When you reach the records, transcribe each one exactly.

**RECORDED INFORMATION**:
◆ ◆ ◆ ◆ ◆ ◆ ◆
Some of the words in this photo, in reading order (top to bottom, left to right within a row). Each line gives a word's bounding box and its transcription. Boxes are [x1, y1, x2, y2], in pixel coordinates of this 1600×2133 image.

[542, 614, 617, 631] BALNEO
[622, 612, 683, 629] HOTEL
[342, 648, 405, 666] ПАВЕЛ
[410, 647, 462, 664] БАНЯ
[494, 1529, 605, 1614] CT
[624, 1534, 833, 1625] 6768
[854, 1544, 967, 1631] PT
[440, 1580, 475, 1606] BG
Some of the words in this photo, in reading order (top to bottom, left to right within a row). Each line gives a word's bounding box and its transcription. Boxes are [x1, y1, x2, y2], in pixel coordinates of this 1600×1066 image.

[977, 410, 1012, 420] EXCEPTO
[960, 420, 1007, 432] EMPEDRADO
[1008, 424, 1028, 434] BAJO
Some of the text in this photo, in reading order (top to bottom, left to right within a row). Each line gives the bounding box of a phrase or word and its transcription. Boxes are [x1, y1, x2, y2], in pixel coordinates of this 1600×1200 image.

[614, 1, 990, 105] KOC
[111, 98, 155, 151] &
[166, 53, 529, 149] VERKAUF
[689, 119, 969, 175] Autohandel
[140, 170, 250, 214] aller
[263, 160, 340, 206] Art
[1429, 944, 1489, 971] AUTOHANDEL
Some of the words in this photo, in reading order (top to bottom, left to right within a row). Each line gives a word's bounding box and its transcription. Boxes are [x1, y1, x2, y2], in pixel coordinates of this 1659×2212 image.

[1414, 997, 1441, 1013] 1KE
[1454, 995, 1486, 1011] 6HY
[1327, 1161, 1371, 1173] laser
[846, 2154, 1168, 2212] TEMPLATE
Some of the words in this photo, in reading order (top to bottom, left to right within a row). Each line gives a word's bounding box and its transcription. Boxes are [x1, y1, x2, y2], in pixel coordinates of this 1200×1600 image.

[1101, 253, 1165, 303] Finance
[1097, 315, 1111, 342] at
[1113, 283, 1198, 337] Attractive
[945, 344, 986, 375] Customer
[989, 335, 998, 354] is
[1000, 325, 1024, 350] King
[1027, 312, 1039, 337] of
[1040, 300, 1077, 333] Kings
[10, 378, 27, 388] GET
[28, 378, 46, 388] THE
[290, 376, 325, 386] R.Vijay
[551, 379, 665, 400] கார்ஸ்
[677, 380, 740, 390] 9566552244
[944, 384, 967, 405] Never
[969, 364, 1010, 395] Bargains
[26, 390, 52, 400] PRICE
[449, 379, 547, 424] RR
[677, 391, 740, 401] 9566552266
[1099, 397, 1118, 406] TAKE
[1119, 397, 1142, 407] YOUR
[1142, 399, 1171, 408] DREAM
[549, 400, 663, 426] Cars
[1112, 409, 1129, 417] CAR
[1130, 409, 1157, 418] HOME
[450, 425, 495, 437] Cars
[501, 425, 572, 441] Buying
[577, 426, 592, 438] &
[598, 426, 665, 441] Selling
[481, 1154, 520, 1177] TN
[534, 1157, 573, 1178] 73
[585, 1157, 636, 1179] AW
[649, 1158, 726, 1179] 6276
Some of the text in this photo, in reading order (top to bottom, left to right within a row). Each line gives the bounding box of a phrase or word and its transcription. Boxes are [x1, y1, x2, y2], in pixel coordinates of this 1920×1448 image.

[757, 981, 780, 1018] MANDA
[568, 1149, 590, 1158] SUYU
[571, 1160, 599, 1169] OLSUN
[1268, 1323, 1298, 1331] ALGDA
◆ ◆ ◆ ◆ ◆ ◆ ◆
**RESULT**:
Some of the words in this photo, in reading order (top to bottom, left to right within a row). Each line gives a word's bounding box and its transcription. Boxes are [x1, y1, x2, y2], in pixel coordinates of this 1600×2133 image.

[542, 614, 617, 631] BALNEO
[622, 612, 683, 629] HOTEL
[342, 648, 405, 666] ПАВЕЛ
[410, 647, 462, 664] БАНЯ
[494, 1529, 605, 1614] CT
[624, 1534, 833, 1625] 6768
[854, 1544, 967, 1631] PT
[440, 1580, 475, 1606] BG
Some of the words in this photo, in reading order (top to bottom, left to right within a row). Each line gives a word's bounding box and its transcription. Boxes are [x1, y1, x2, y2], in pixel coordinates of this 1600×1066 image.

[977, 410, 1012, 420] EXCEPTO
[960, 420, 1007, 432] EMPEDRADO
[1008, 424, 1028, 434] BAJO
Some of the text in this photo, in reading order (top to bottom, left to right within a row). Each line gives the bounding box of a phrase or word and its transcription. Boxes are [x1, y1, x2, y2], in pixel coordinates of this 1600×1200 image.

[614, 1, 990, 105] KOC
[111, 98, 155, 151] &
[166, 53, 529, 149] VERKAUF
[689, 119, 969, 175] Autohandel
[140, 170, 250, 214] aller
[263, 160, 340, 206] Art
[1429, 944, 1489, 971] AUTOHANDEL
Some of the words in this photo, in reading order (top to bottom, left to right within a row). Each line gives a word's bounding box and its transcription. Boxes are [x1, y1, x2, y2], in pixel coordinates of this 1659×2212 image.

[1414, 997, 1441, 1013] 1KE
[1454, 995, 1486, 1011] 6HY
[1327, 1161, 1371, 1173] laser
[846, 2154, 1168, 2212] TEMPLATE
Some of the words in this photo, in reading order (top to bottom, left to right within a row). Each line gives a word's bounding box and its transcription. Boxes are [x1, y1, x2, y2], in pixel coordinates of this 1200×1600 image.

[1101, 253, 1165, 303] Finance
[1097, 315, 1111, 342] at
[1113, 283, 1198, 337] Attractive
[945, 344, 986, 375] Customer
[989, 335, 998, 354] is
[1000, 325, 1024, 350] King
[1027, 312, 1039, 337] of
[1040, 300, 1077, 333] Kings
[10, 378, 27, 388] GET
[28, 378, 46, 388] THE
[290, 376, 325, 386] R.Vijay
[551, 379, 665, 400] கார்ஸ்
[677, 380, 740, 390] 9566552244
[944, 384, 967, 405] Never
[969, 364, 1010, 395] Bargains
[26, 390, 52, 400] PRICE
[449, 379, 547, 424] RR
[677, 391, 740, 401] 9566552266
[1099, 397, 1118, 406] TAKE
[1119, 397, 1142, 407] YOUR
[1142, 399, 1171, 408] DREAM
[549, 400, 663, 426] Cars
[1112, 409, 1129, 417] CAR
[1130, 409, 1157, 418] HOME
[450, 425, 495, 437] Cars
[501, 425, 572, 441] Buying
[577, 426, 592, 438] &
[598, 426, 665, 441] Selling
[481, 1154, 520, 1177] TN
[534, 1157, 573, 1178] 73
[585, 1157, 636, 1179] AW
[649, 1158, 726, 1179] 6276
Some of the text in this photo, in reading order (top to bottom, left to right within a row). Each line gives the bounding box of a phrase or word and its transcription. Boxes are [x1, y1, x2, y2], in pixel coordinates of this 1920×1448 image.

[757, 981, 780, 1018] MANDA
[568, 1149, 590, 1158] SUYU
[571, 1160, 599, 1169] OLSUN
[1268, 1323, 1298, 1331] ALGDA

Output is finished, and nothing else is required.